Chinese Teapot - stolen from Summer Palace
Need a little help
I bought a teapot with two cups and saucers a few years ago on Ebay. I could tell by the pictures they were really nice pieces. So did some others as I was outbid for one cup & saucer. But what really intrigued me was a note found inside the teapot. And that is what I am asking for the help with.
There is a scan. The note, from the best I can make out, says “This teapot came from Peking. Took – from one of the Palaces, during the Boxer ??umble 1900. ?. Stubbins – Stubbins – Stebbins??? I am guessing, 'Boxer rumble.' Any help deciphering this would be helpful as well.
The note is definitely old. I believe it to be 100% genuine and factual. But I'd just like to be able to confirm the note. One way I think it might be done is to some how find out if a person by this name was indeed in China at that time. I would guess they are of British decent and probably was a soldier. These are only guesses though.
But soldier or not, there must be some sort of record somewhere that I can trace the name to? Any ideas? Anyone recognize the name? I have a book on the Boxer Rebellion which at the time of the riots was called an uprising by the British. In my book as well as other places it is widely accepted that the summer palaces were indeed sacked and a lot of treasures were taken and brought to the west. I believe my teapot was one of those booties.
Which means these pieces are indeed Imperial in the sense they were obviously made for someone of wealth, most likely to be used by the people working in the palaces. They have a dragon and phoenix as well as beautifully written six character marks in line with their designs. The potting and all decorations are of the highest quality. But the marks are written in over-glazed red rather than under-glazed blue.

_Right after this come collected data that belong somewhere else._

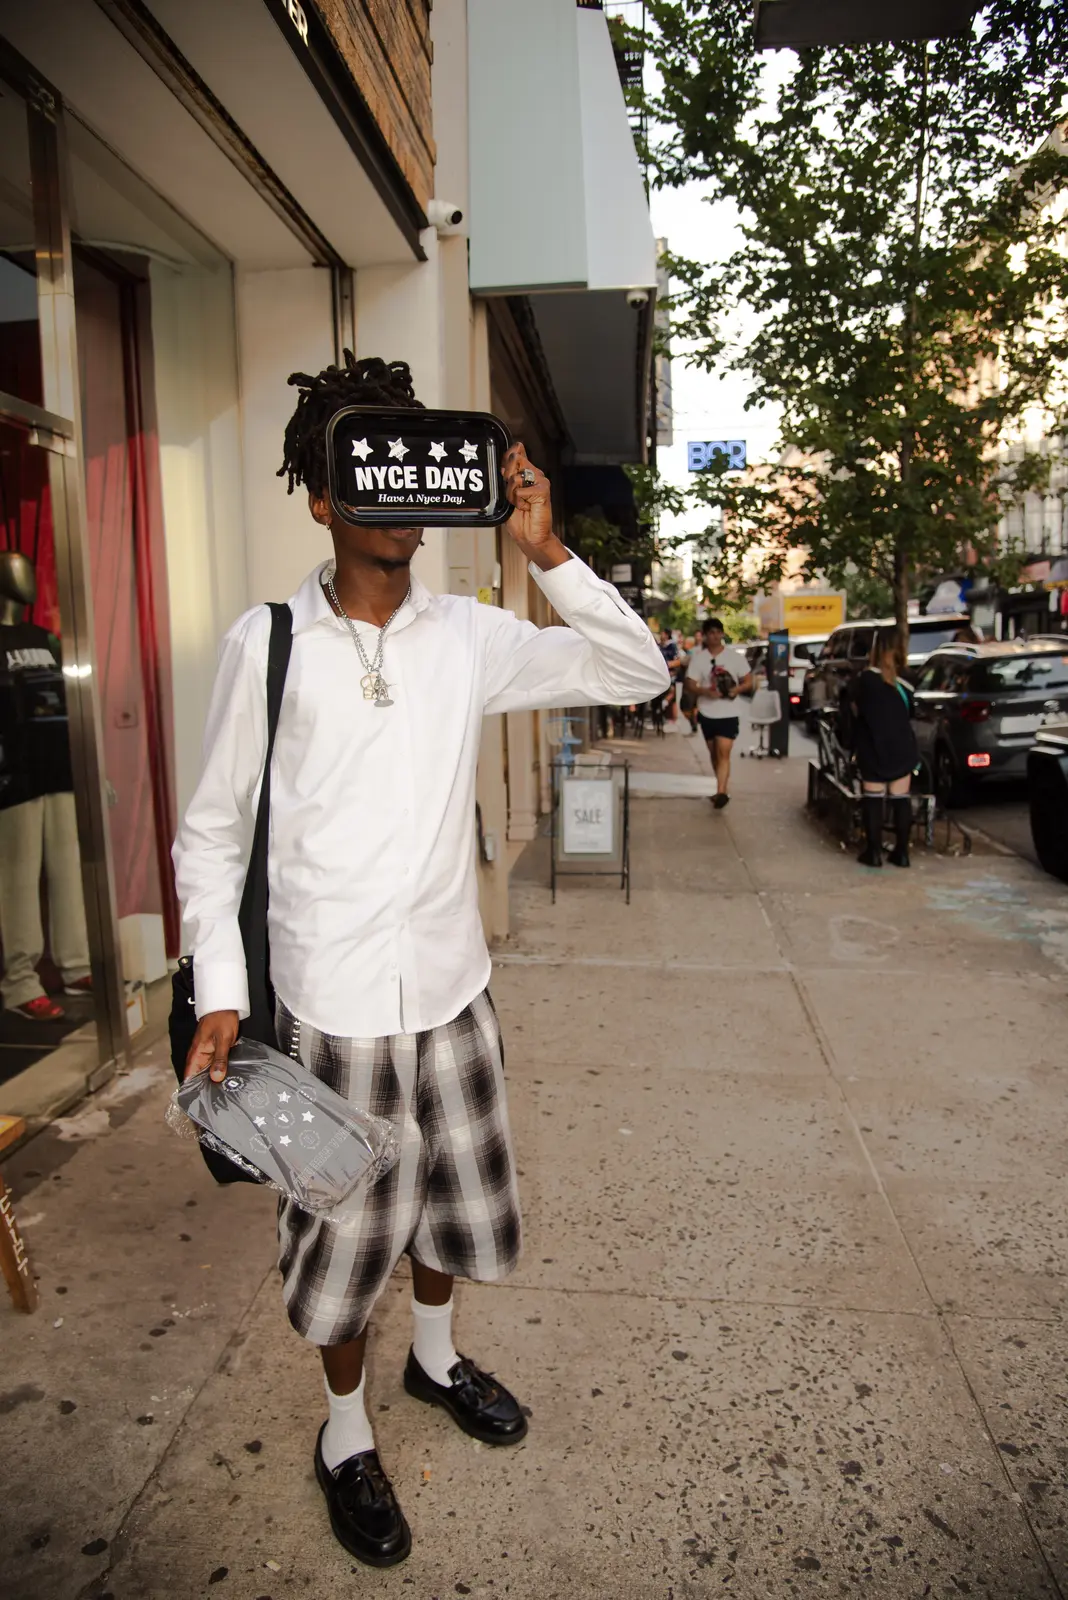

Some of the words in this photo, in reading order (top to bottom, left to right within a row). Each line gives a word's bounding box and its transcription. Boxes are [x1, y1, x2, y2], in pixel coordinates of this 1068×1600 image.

[354, 465, 419, 491] NYCE
[425, 466, 484, 492] DAYS
[377, 494, 405, 503] Have
[406, 494, 414, 502] A
[416, 494, 441, 504] Nyce
[442, 494, 466, 504] Day.
[574, 809, 602, 824] SALE
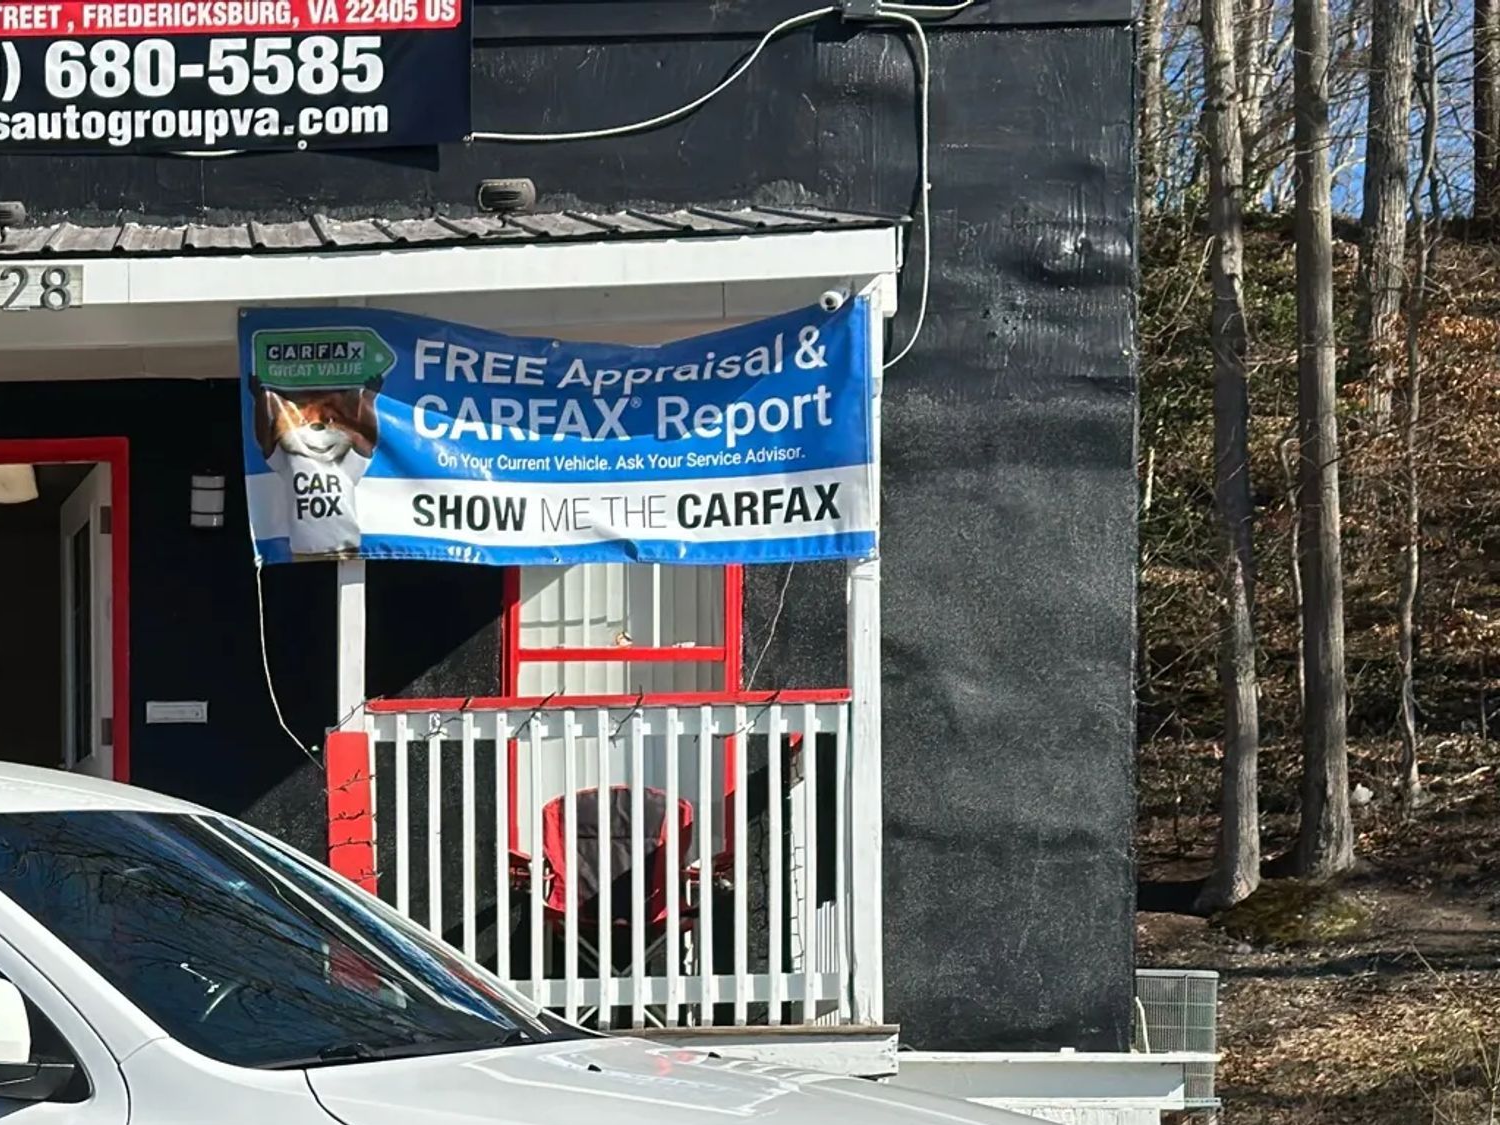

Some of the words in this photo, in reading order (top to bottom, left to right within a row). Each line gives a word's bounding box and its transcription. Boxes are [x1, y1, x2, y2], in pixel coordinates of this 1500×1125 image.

[83, 0, 299, 28] FREDERICKSBURG,
[307, 0, 339, 24] VA
[345, 0, 417, 23] 22405
[425, 0, 455, 21] US
[45, 36, 383, 99] 680-5585
[267, 342, 365, 361] CARFAX
[414, 338, 547, 386] FREE
[556, 332, 783, 395] Appraisal
[794, 325, 828, 370] &
[268, 364, 313, 377] GREAT
[318, 362, 362, 377] VALUE
[657, 384, 833, 448] Report
[438, 451, 457, 467] On
[462, 453, 493, 471] Your
[497, 454, 550, 471] Current
[554, 455, 612, 471] Vehicle.
[615, 455, 644, 471] Ask
[648, 454, 682, 469] Your
[686, 451, 741, 467] Service
[745, 446, 806, 464] Advisor.
[293, 471, 342, 495] CAR
[296, 496, 343, 520] FOX
[412, 493, 527, 532] SHOW
[541, 497, 592, 532] ME
[602, 495, 667, 529] THE
[677, 483, 841, 529] CARFAX

Some other questions I would also like to answer are why were the marks specifically written in red? Are there blue marked items anywhere? Is this pattern a known patter for a specific rank at the palace? Who used them? How rare are they?
I really want to use the internet to start creating a more factual and usable 'database' of Chinese porcelain. It would help everyone in the hobby to know if something you have is truly unique. And if it is, why? I'm sure there is still a lot to learn about the vast varieties and production figures just for the palaces alone.
I am not even thinking about trying to tackle the rest of the domestic porcelain market in China. But with something with such meticulously kept records, you'd think there would be more concrete information. But what few records we do have, the facts are often wrong or inconclusive. It's quite annoying.
So sticking to the subject for now, if you can help in any way with this, please let me know! It will be greatly appreciated!